What you return should be every line below, word for word, and none of the images.

++++ EXTRACTED ENTRIES ++++

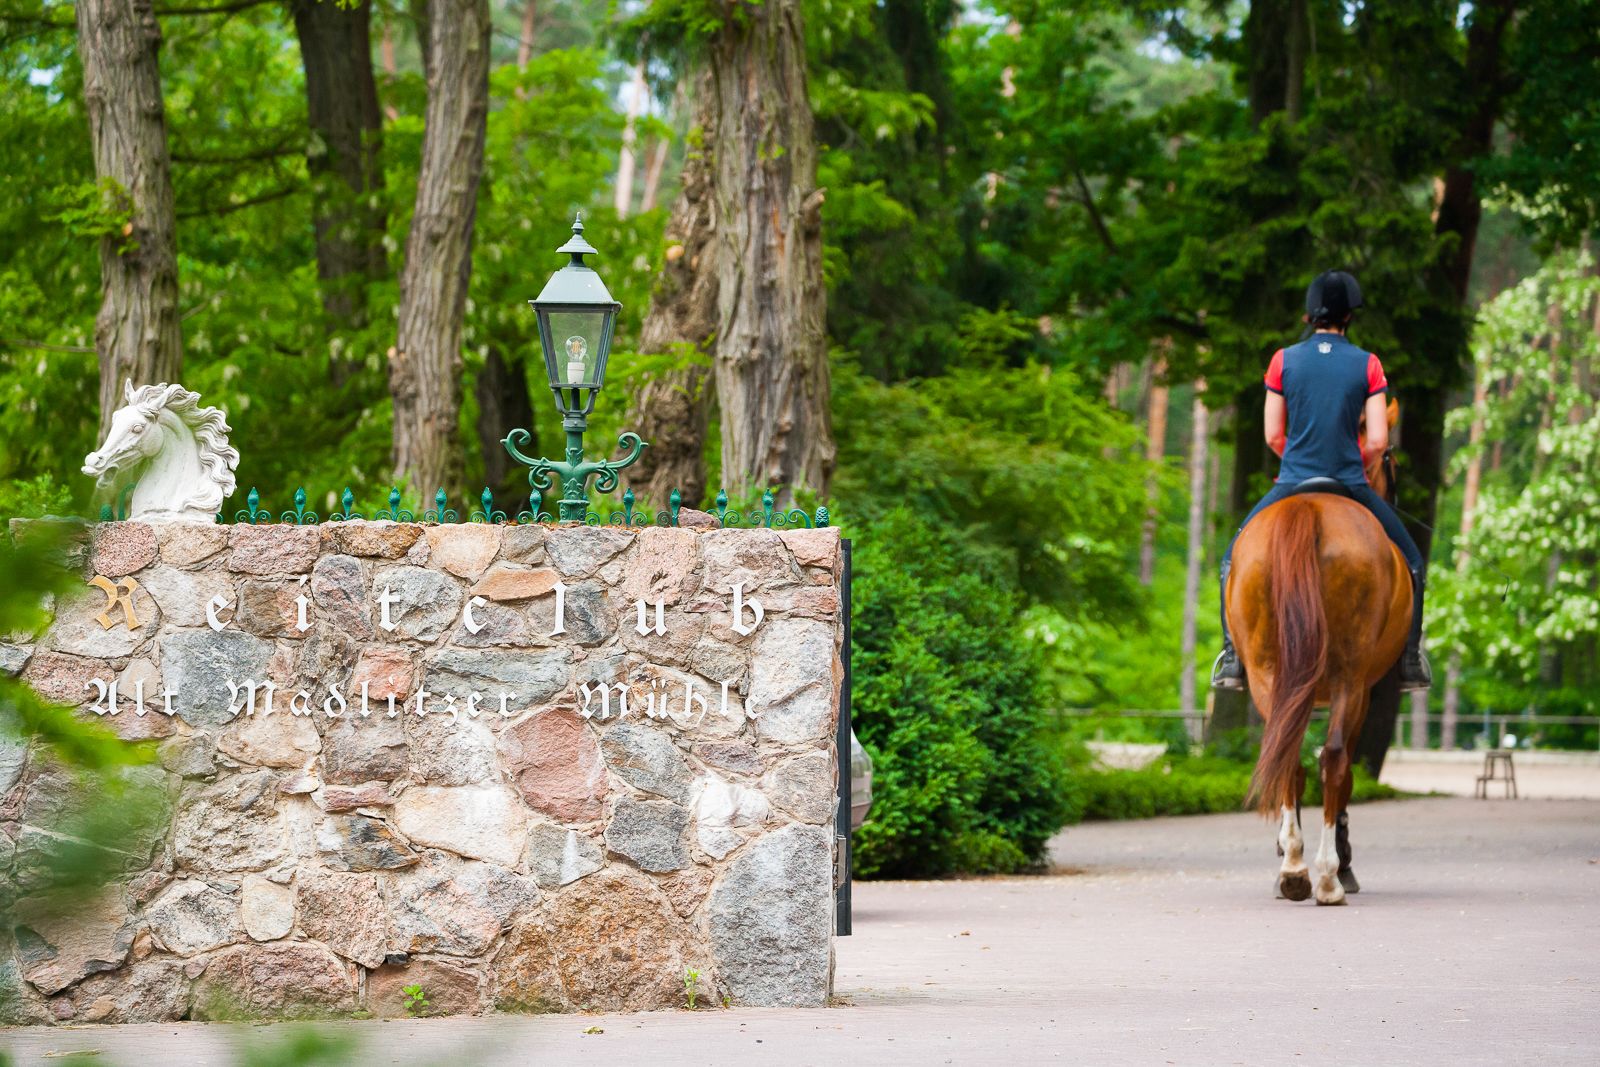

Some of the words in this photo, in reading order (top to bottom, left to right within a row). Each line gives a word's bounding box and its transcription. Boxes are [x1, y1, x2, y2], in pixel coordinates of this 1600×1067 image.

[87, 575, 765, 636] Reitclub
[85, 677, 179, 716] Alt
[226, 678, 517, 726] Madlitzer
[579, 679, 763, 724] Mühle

++++

- EXERCISE ANSWER:
Some of the words in this photo, in reading order (top to bottom, left to right within a row). Each line gives a word's bounding box and its transcription. Boxes are [x1, y1, x2, y2], in pixel coordinates of this 1600×1067 image.

[87, 575, 765, 636] Reitclub
[85, 677, 179, 716] Alt
[226, 678, 517, 726] Madlitzer
[579, 679, 763, 724] Mühle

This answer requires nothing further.